We are not creating fear but simply acknowledging a fear that a growing number of people already feel, a fear that is based on an honest assessment of material realities and people’s behavior within existing social systems. Why would it be good strategy to help people bury legitimate fears that are based on rational evaluation of evidence? As Barbara Ehrenreich points out, an obsession with so-called positive thinking not only undermines critical thinking, but also produces anxiety. Fear is counterproductive if it leads to paralysis but productive if it leads to inquiry and appropriate action to deal with a threat. Productive action is much more likely if we can imagine the possibility of a collective effort, and collective effort is impossible if we are left alone in our fear. The problem isn’t fear but the failure to face our fear together.
Who are these people who are either cognitively or emotionally incapable of engaging these issues? These allegedly deficient folks are sometimes called “the masses,” implying a category of people not as smart as the people who are labeling them as such. We assume that whenever someone asserts that people can’t handle it, the person speaking really is confessing “I can’t handle it.” But we have no choice but to handle reality, since we can’t wish it away. We increase our chances of handling it sensibly if we face reality together.
We think modern systems are coming to an end, and we need to lift the veil that obscures an honest assessment of what those end times will require of us. But we are not scholarly “collapsologists,” a term that has been used by some to describe an emerging research community studying systemic risk in industrial society.
Basic questions are impossible to avoid. How much time do industrial societies have left, and what is their collapse going to look like? For some people in the most vulnerable locations, collapse has already begun. Is collapse coming for us all? The questions are now common enough to warrant a feature in the New York Times Magazine that summarizes the scholarly research on collapse. The same newspaper ran a story on the popularity of a British professor’s paper arguing that it is too late to prevent a breakdown in modern civilization in most countries within our lifetimes. Curiously, the article ran in the “Style” section.

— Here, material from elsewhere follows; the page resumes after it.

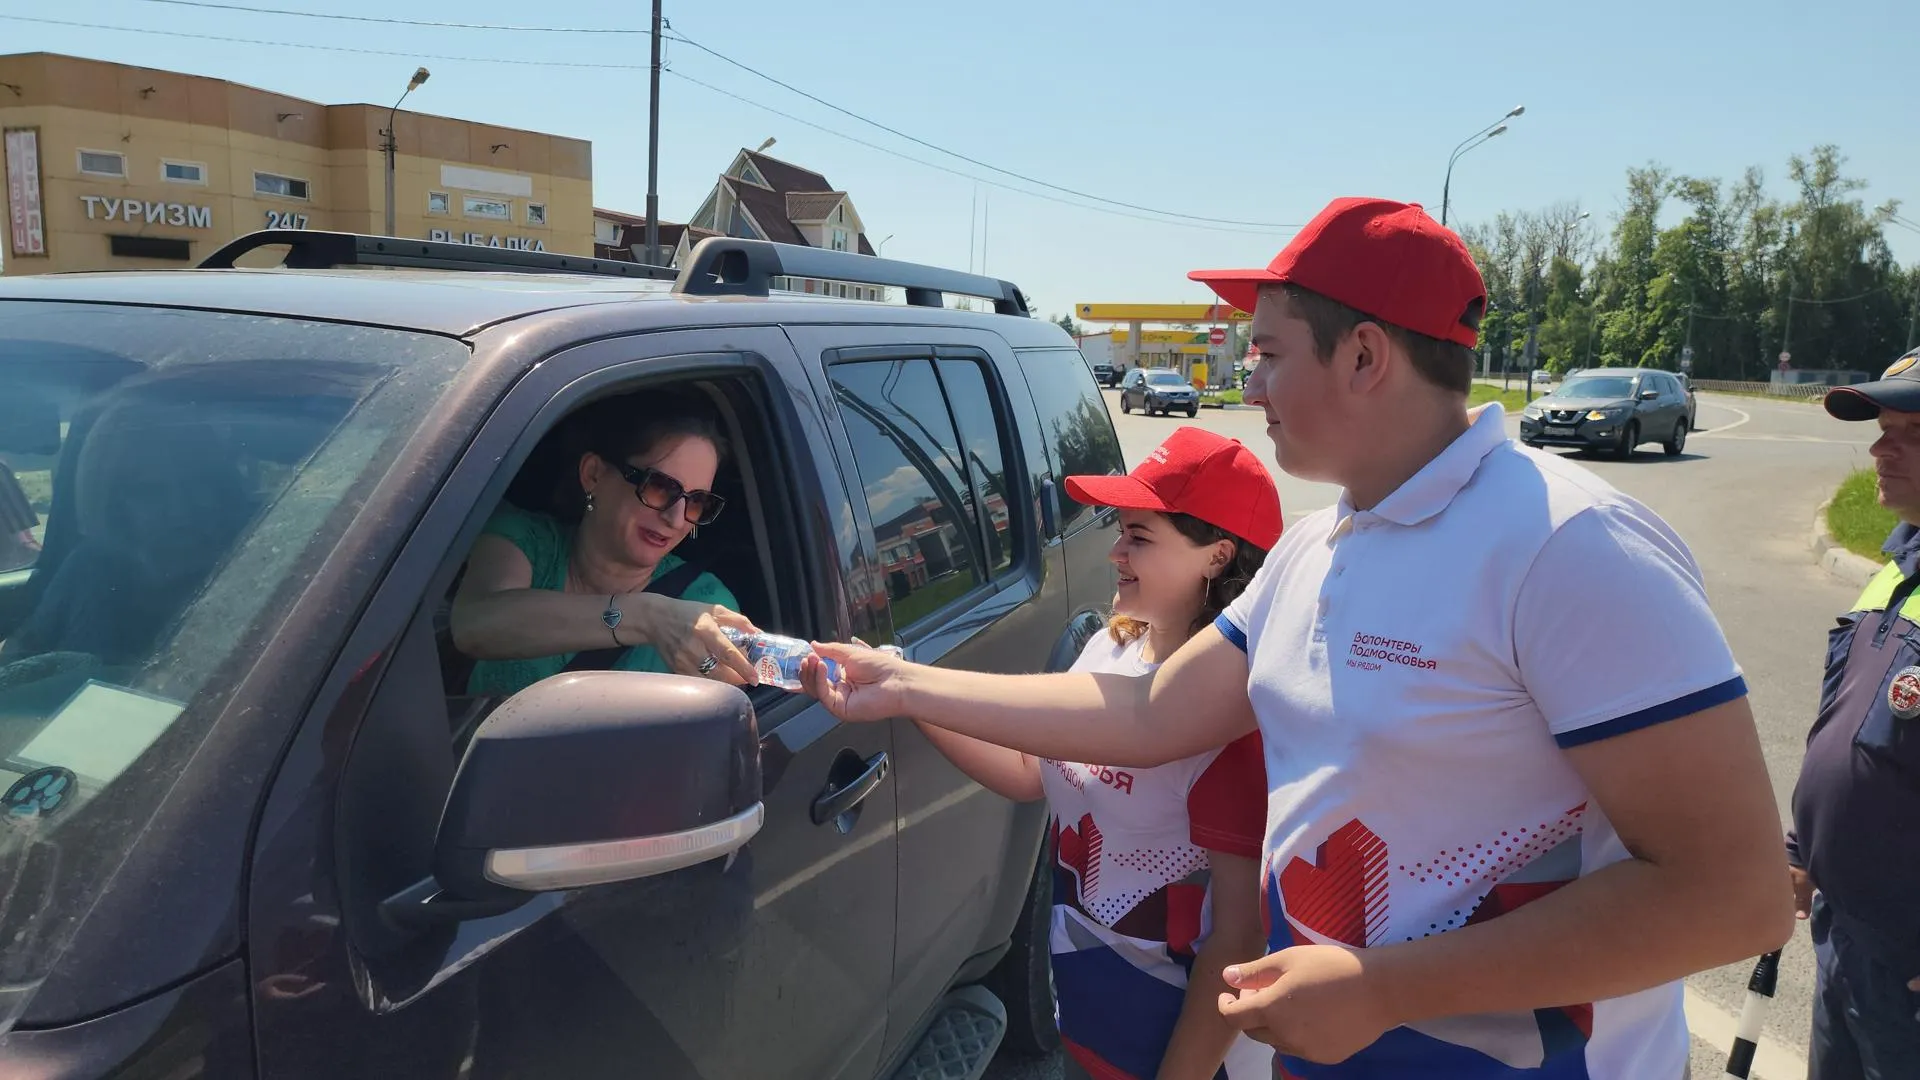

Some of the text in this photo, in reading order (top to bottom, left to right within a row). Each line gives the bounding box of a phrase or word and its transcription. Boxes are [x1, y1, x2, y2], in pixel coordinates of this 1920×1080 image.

[80, 196, 212, 228] ТУРИЗМ
[266, 210, 309, 230] 24/7
[1349, 644, 1437, 670] ПОДМОСКОВЬЯ

Scholars study past collapses and look for patterns that can help us plan for the future, but they have yet to come up with a widely accepted definition of collapse. If one key marker is a reduction in population, what level of human die-off over what time period constitutes a collapse? To what extent do the political institutions of a society have to fall apart to warrant use of the term? From whose point of view do we say a society collapsed? That last question is particularly important, reminding us that not everyone in a society is equally affected by social and ecological disintegration. Vulnerable people may suffer more during the process, but those who are most exploited by centralized power might benefit in the long run from the collapse of that power. They are intellectually interesting but not necessary to resolve for our purposes. Change is likely in a matter of decades. Big change is coming, sooner than any society is ready for.
For our purposes, Jared Diamond’s definition of collapse is an adequate starting point: “a drastic decrease in human population size and or political/economic/social complexity, over a considerable area, for an extended time.” Collapse is not about the failure of a leader or of elites more generally, though when societies fall apart leaders and elites often make bad decisions. Neither is it simply the result of a society exhausting natural resources and polluting the environment, though the degradation of ecosystems is usually part of the process of collapse. Collapse is not all bad, that there are positive consequences to the end of complex systems.
Our focus is on how to minimize the human suffering and ecological damage done as a system collapses.
When that process begins, we can expect a loss of “social resilience,” the capacity of a society to cooperate effectively to achieve shared goals. Peter Turchin, another prominent scholar of collapse, suggests that structural trends that undermine social resilience have been building in the United States for decades.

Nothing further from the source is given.